─── Data provided

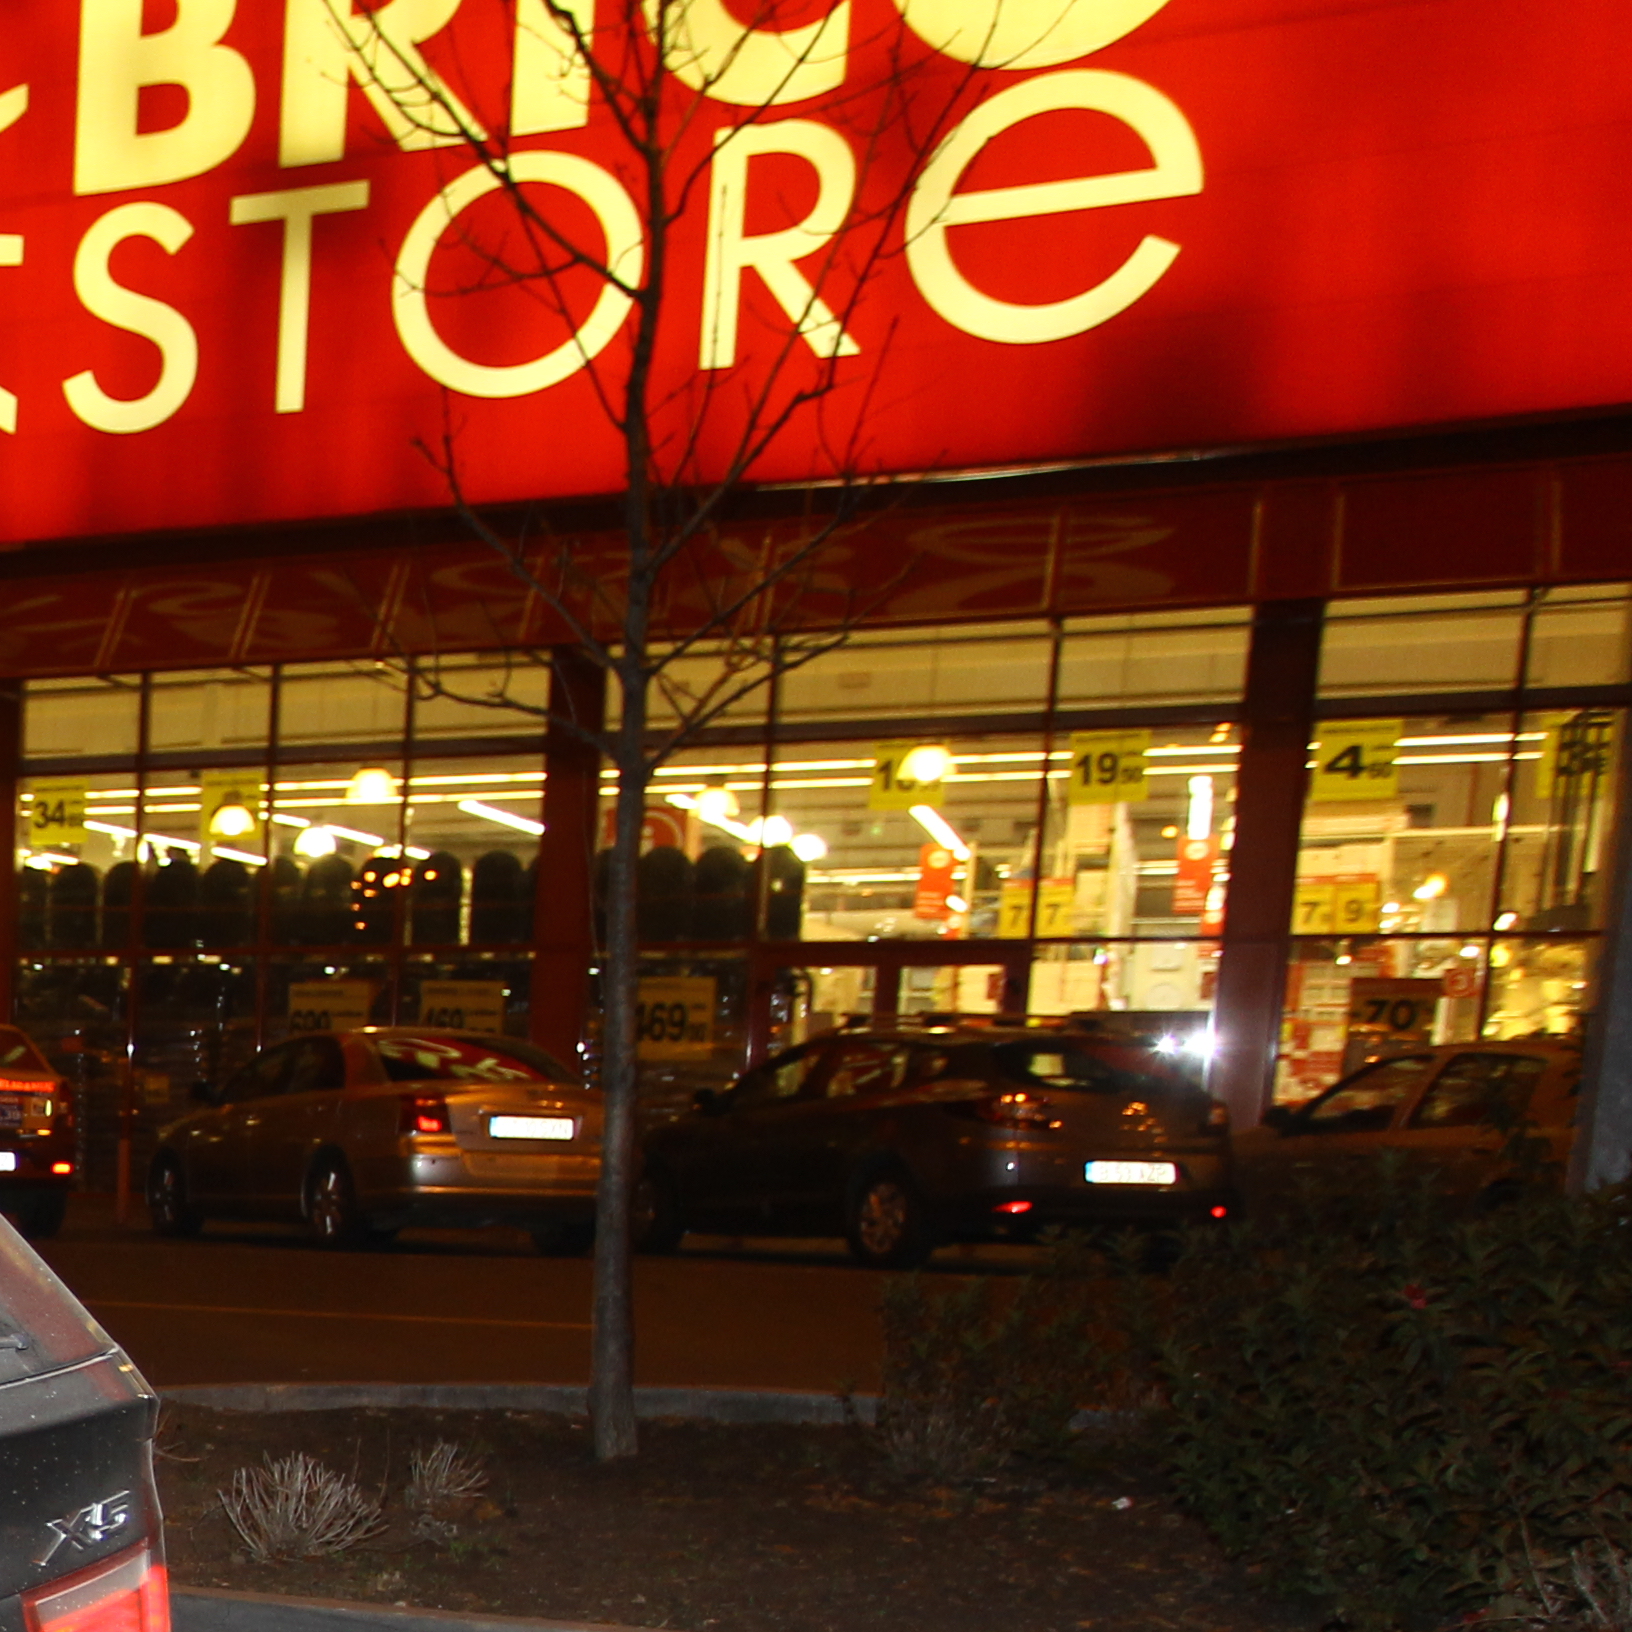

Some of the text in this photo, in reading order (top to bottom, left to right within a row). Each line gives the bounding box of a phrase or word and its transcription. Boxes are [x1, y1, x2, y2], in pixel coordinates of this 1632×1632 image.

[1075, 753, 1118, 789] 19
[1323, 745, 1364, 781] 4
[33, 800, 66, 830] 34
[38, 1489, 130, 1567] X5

──────

The listing must be returned in full and exactly, apart from its pictures.

Some of the text in this photo, in reading order (top to bottom, left to right within a row). Each line gives the bounding box of a phrase or word and its transcription. Boxes are [x1, y1, x2, y2], in pixel coordinates of this 1632×1632 image.

[1075, 753, 1118, 789] 19
[1323, 745, 1364, 781] 4
[33, 800, 66, 830] 34
[38, 1489, 130, 1567] X5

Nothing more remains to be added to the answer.